Sunday, October 18, 2009

Shanghai as an international finance center?

Sources:
The Banker: Shanghai steams in; Shift in the balance
China Daily: China boosts int'l use of renminbi with bond sale in HK
WSJ: China Expands Yuan Bonds

China aims to establish its own international financial center (“IFC”) in Shanghai by 2020. Will Shanghai fulfill that ambition? The leading IFCs in Western markets are taking China’s plan very seriously. Stuart Fraser of City of London Corporation says that the biggest threat comes from “the places whether the most money will be made and where the huge growth rates are.” Indeed, China’s financial markets have shown impressive growth. The Shanghai Stock Exchange is the world’s third largest stock exchange in terms of market capitalization. China’s capital raising capacity and debt markets are expanding at an exceptional rate.

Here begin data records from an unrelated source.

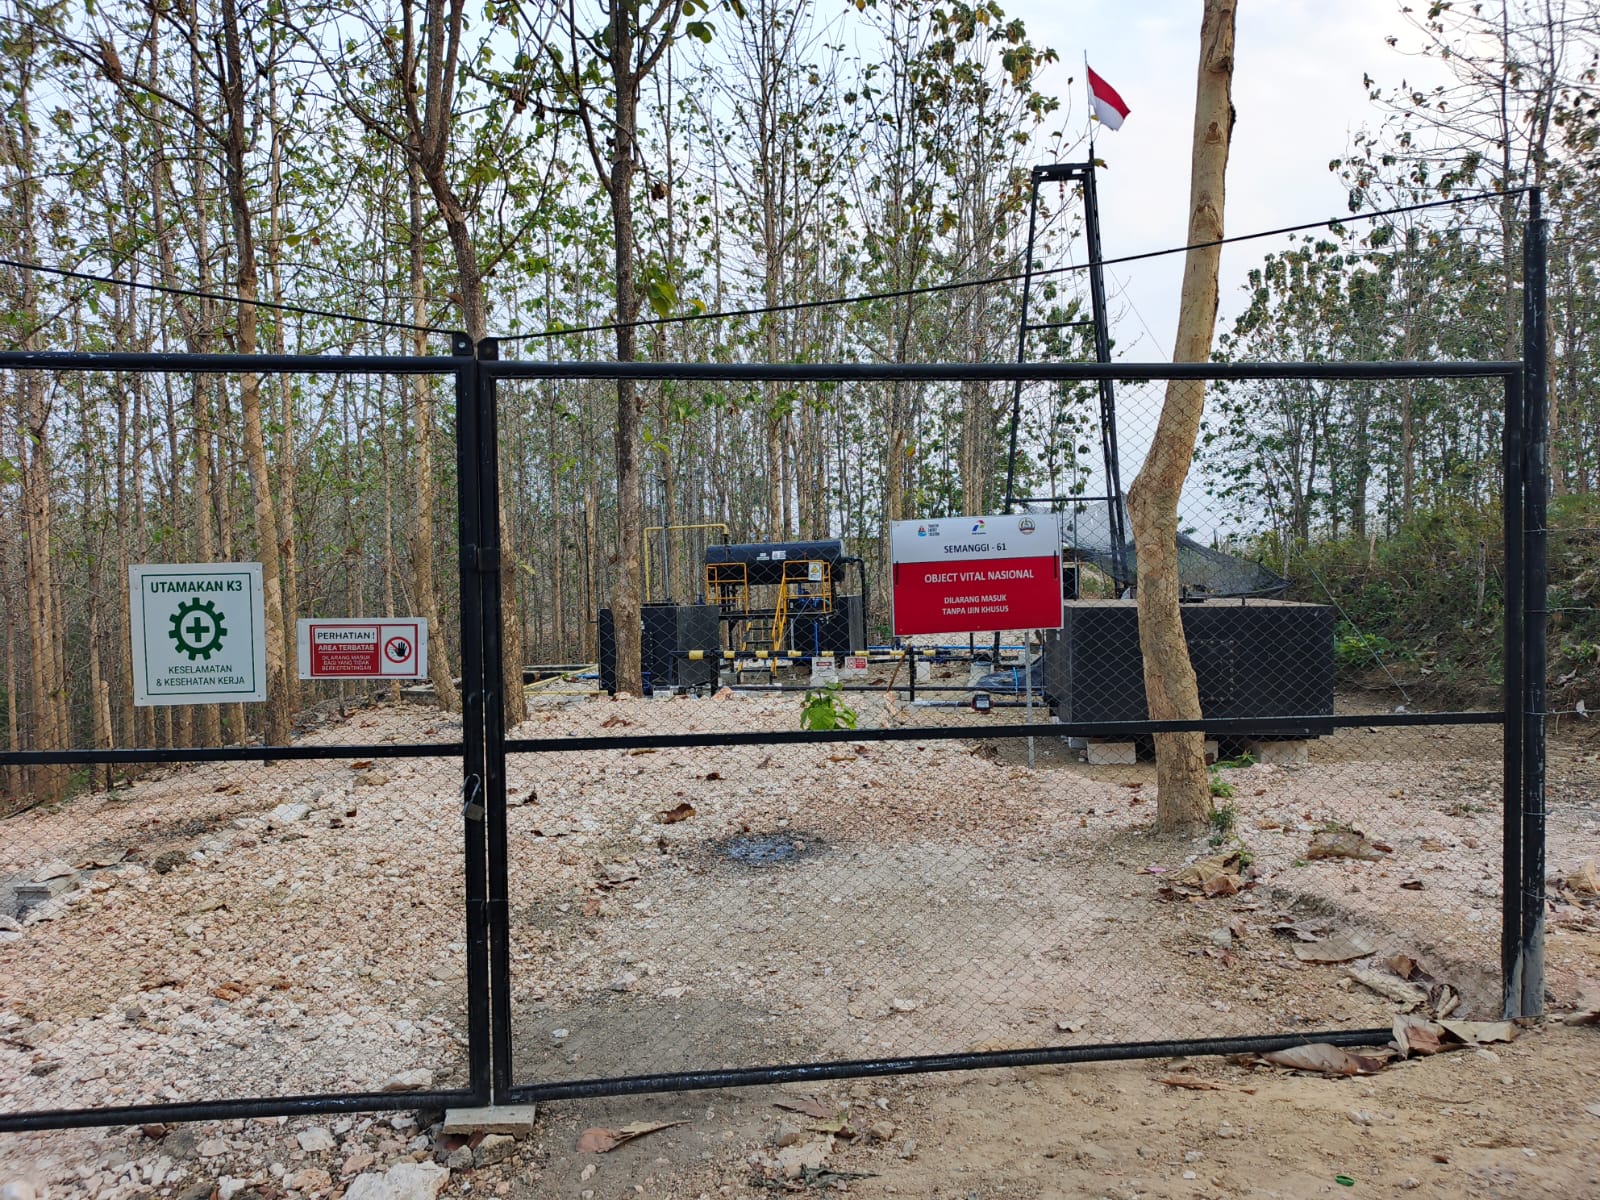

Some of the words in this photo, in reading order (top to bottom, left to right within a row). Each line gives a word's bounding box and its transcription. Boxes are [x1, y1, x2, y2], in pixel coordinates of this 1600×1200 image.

[944, 543, 990, 553] SEMANGGI
[996, 543, 1007, 551] 61
[924, 573, 958, 583] OBJECT
[959, 571, 985, 582] VITAL
[988, 569, 1035, 580] NASIONAL
[150, 581, 223, 593] UTAMAKAN
[227, 580, 242, 592] K3
[944, 595, 980, 604] DILARANG
[981, 594, 1007, 603] MASUK
[942, 607, 966, 616] TANPA
[981, 605, 1009, 614] KHUSUS
[317, 632, 370, 640] PERHATIAN
[168, 665, 232, 674] KESELAMATAN
[156, 678, 162, 687] &
[164, 677, 216, 686] KESEHATAN
[218, 676, 245, 685] KERJA
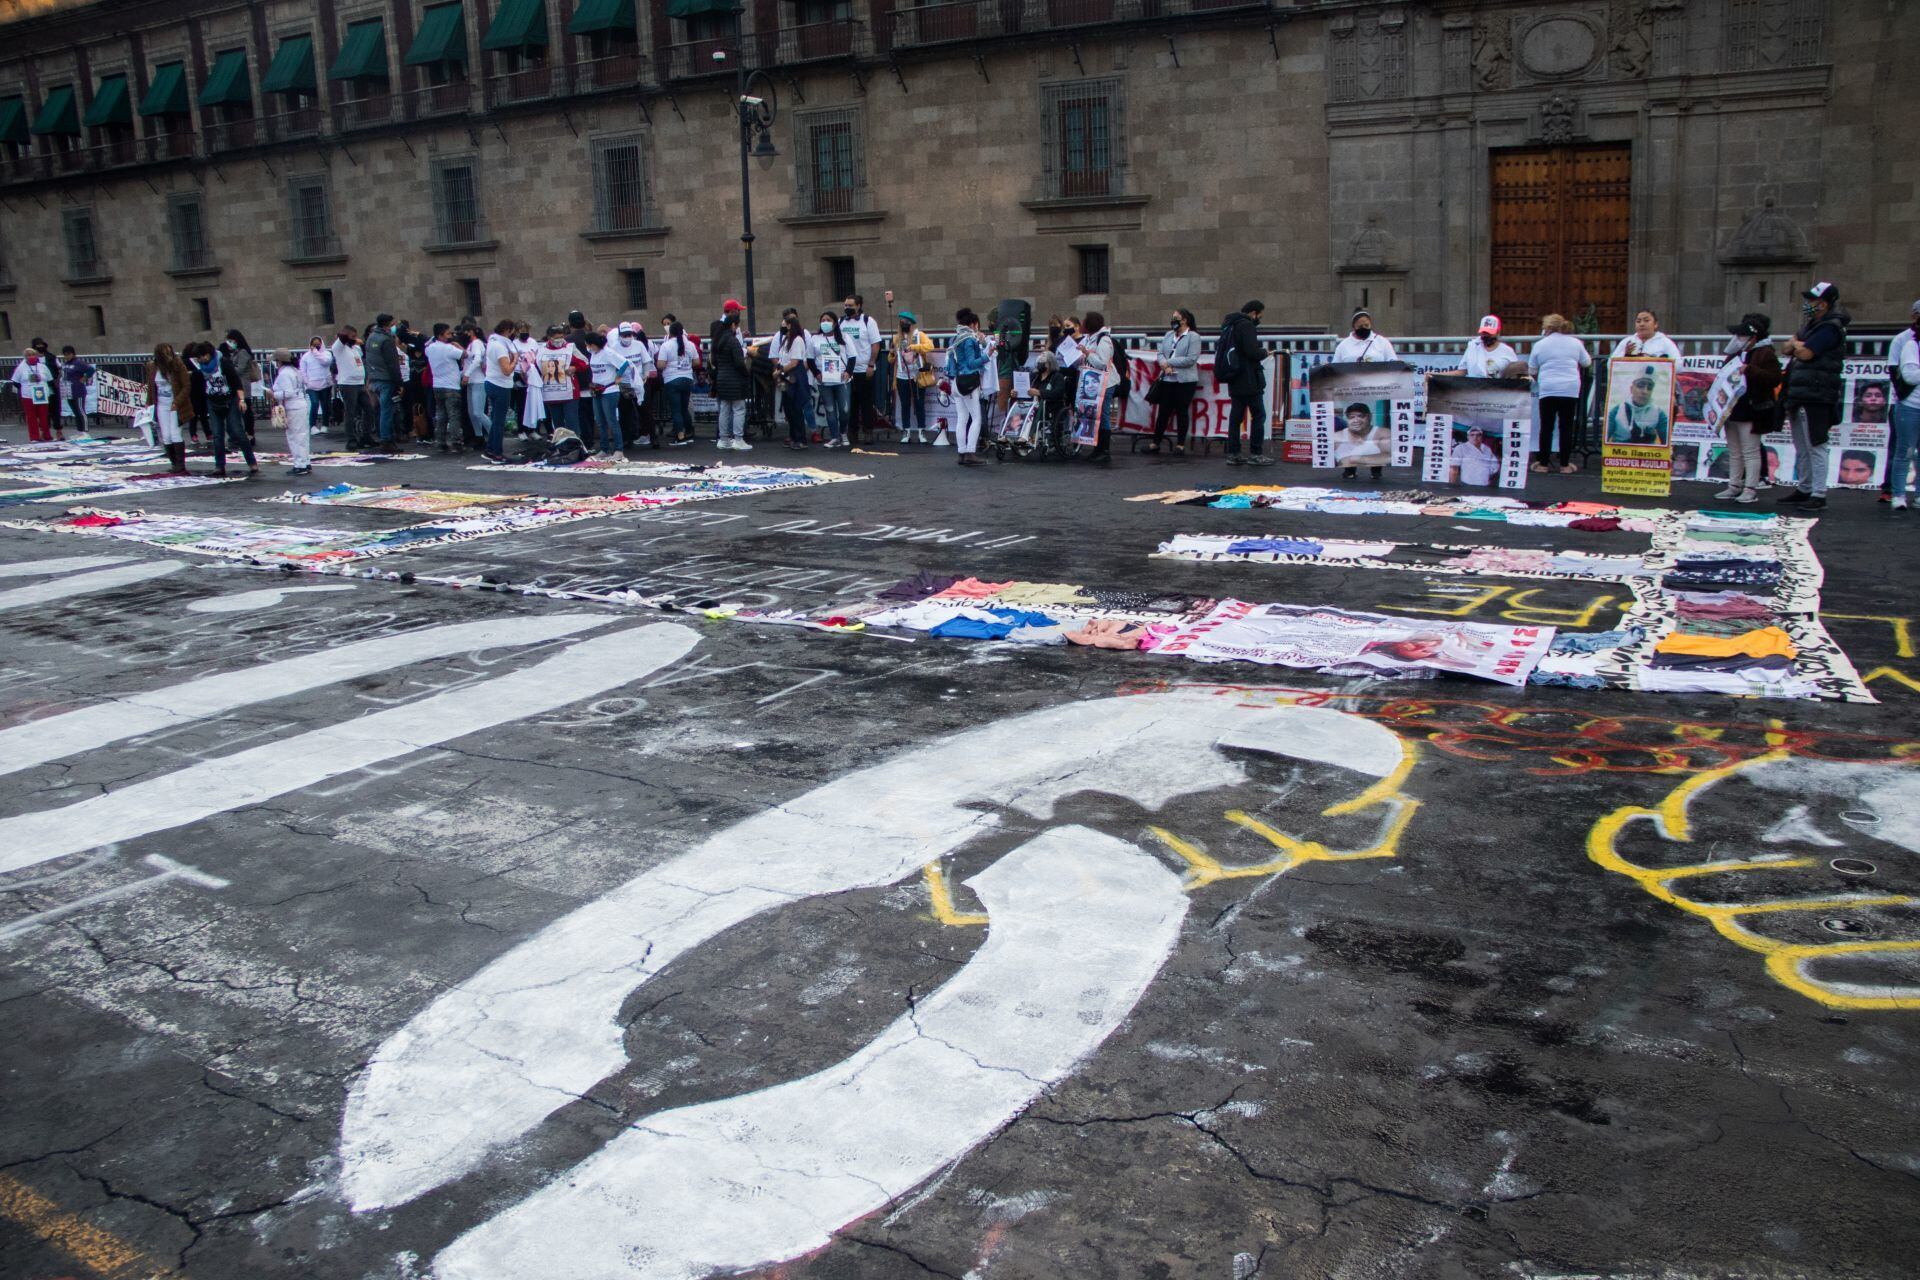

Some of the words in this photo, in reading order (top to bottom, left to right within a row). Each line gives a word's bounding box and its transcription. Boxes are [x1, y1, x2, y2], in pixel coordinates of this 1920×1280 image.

[1396, 401, 1411, 464] MARCOS
[1506, 421, 1521, 488] EDUARDO
[1611, 448, 1628, 456] Me
[1630, 449, 1662, 458] llamo
[1640, 460, 1669, 469] AGUILAR

Recent developments are also encouraging, indicating China’s willingness to open its financial markets. China has been trying to internationalize its currency, the renminbi, and make it convertible. Since December 2008, the State Council has established pilot schemes to enable five cities in China including Shanghai to settle trade payments in renminbi with Association of South-east Nations members. In September this year, China started to sell Rmb6bn (US$879 m) of government bonds to offshore investors for the first time. Also, in January 2009, China allowed foreign banks to trade and underwrite corporate bonds in the interbank market.

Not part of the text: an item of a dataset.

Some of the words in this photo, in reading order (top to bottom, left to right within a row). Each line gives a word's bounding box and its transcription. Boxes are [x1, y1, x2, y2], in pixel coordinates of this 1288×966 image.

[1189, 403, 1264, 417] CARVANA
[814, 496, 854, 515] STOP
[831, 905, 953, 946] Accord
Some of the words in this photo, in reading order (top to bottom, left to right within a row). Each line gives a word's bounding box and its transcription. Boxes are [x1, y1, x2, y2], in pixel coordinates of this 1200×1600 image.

However, according to The Banker, there are significant barriers to overcome. First, China will not achieve its ambition unless it establishes “the rule of law, including an independent judiciary and government transparency,” says Andy Rothman, China’s strategist at CLSA-Asia-Pacific Markets. China’s legal and regulatory framework is “opaque and unpredictable” and company and securities law still lags behind the law in other IFCs. Also, laws tend to favor domestic firms over foreign firms and provide little protection to foreign investors (e.g., the 2007 insolvency law). Second, China needs to float the renminbi freely since an IFC would not be possible with a fixed exchange rate system. It is not clear whether China would be willing to take this step by 2020. As long as the government tries to support its export-oriented economic growth and facilitate domestic consumption, a rising renmimbi may not be a risk worth taking.

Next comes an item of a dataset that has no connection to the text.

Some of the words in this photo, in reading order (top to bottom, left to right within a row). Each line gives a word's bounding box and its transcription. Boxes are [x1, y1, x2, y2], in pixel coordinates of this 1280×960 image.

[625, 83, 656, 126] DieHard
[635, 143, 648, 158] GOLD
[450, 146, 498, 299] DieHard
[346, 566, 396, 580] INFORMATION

The Banker further points out that there would be more fundamental challenges to China’s goal as the communist government continues to adhere to its government-controlled capitalism. There is no market discipline and the government changes market norms as it deems fit. Also, the government is heavily involved in the allocation and pricing of financial resources. Accordingly, Shanghai lacks vibrant small and medium-sized enterprises and a competitive service sector, which are crucial for developing a successful financial market. Bad quality real estate, poorly planned infrastructure and overcapacity in industrial sectors are also the consequences of a misallocation of resources.

Discussion Questions:
1. What are the things that make China (or Shanghai) more attractive or less attractive to investors than other IFCs?
2. According to Mr. Rothman of CLSA, China has been moving quickly toward a market economy over the past one or two decades, yet is trying not to make the transition too quickly. He further explains that the Chinese are “careful students”; China learned lessons from history and from other countries and is "determined not to make the same mistakes." Do you agree with his view?
3. How long do you think China’s government-controlled capitalism would work? Would it ultimately require changes in the Chinese political system?